Code Civ. Pro., § 1855. Classificatioon of debts, to be enforced under this article. Where the surviving husband or wife, next of kin, legatees, heirs, or devisees, are liable for demands against the decedent, as prescribed in this article, or

section one hundred and one of the decedent estate law, they must give preference in the payment thereof, and they are so liable therefor, in the order prescribed by law, for the payment of debts by an executor or administrator. Preference of payment cannot be given to a demand, over another of the same class, except where a similar preference by an executor or administrator is allowed by law. The commencement of an action, under any provision of this article, or section one hundred and one of the decedent estate law, does not entitle the plaintiff's demand to preference over another of the same class, except as otherwise specially prescribed by law.

Amended by L. 1909, ch. 65.

Dec. Est. L., § 102. Liability of heir or devisee not affected where will makes specific provision for payment of debt.

The preceding section and article two of title three of chapter fifteen of the code of civil procedure do not affect the liability of an heir or devisee, for a debt of a testator, where the will expressly charges the debt exclusively upon the real property descended or devised, or makes it payable exclusively by the heir or devisee, or out of the real property descended or devised, before resorting to the personal property, or to any other real property descended or devised.

Formerly Code Civ.

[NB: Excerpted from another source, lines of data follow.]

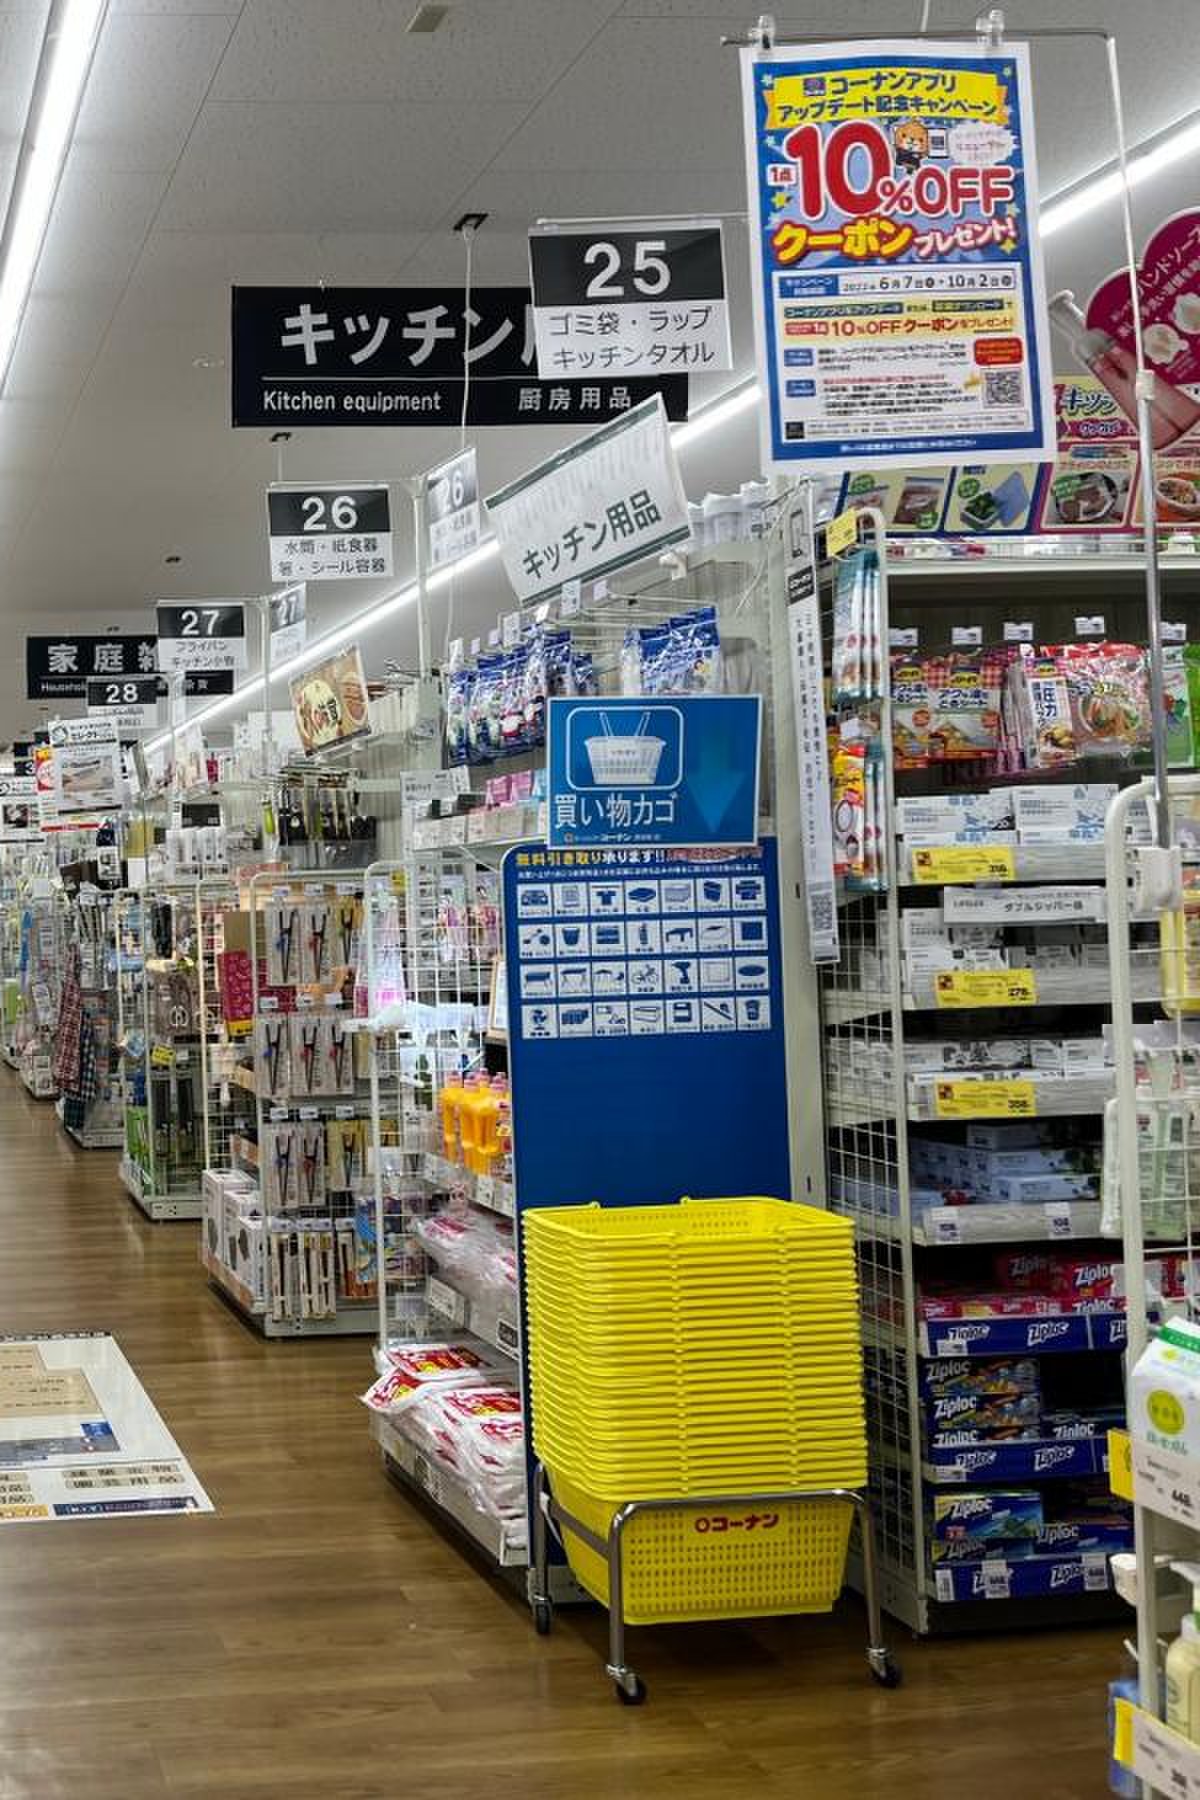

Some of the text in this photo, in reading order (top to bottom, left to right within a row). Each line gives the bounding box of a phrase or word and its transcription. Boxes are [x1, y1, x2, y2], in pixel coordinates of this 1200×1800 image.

[832, 72, 957, 95] コーナンアプリ
[584, 241, 672, 298] 25
[549, 306, 712, 336] ゴミ袋・ラップ
[281, 303, 536, 367] キッチン
[553, 341, 714, 370] キッチンタオル
[264, 390, 442, 413] Kitchen equipment
[518, 386, 632, 411] 厨房用品
[301, 496, 358, 531] 26
[522, 489, 662, 581] キッチン用品
[181, 609, 220, 636] 27
[106, 683, 139, 704] 28
[555, 792, 679, 829] 買い物カゴ
[934, 1396, 977, 1418] Ziploc
[952, 1498, 993, 1519] Ziploc
[1051, 1563, 1083, 1588] Ziplo

Pro., § 1859. (See B., C. & G. Consol. L., 2nd Ed., p. 1817.

ARTICLE XI.

WHEN ACTION WILL LIE TO ESTABLISH OR IMPEACH A WILL.

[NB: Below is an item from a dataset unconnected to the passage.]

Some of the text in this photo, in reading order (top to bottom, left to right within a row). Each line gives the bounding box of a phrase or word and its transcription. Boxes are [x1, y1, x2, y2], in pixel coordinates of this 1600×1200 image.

(Fiero, Spec. Act., 3rd Ed., pp. 401-408.)

SUBD. 1. When action will lie.

2. Proof necessary to establish lost will.

Subd. 1 When Action Will Lie.

(Fiero, Spec. Act., 3rd Ed., pp. 401-404.)

Sections 1861, 1867, and former section 2653-a of the Code of Civil Procedure do not authorize the court to appoint a guardian ad litem for an infant beneficiary, in a will refused probate by a Surrogate, to sue to establish the will. Dixon v. Cozine (1908), 114 N. Y. Supp. 615.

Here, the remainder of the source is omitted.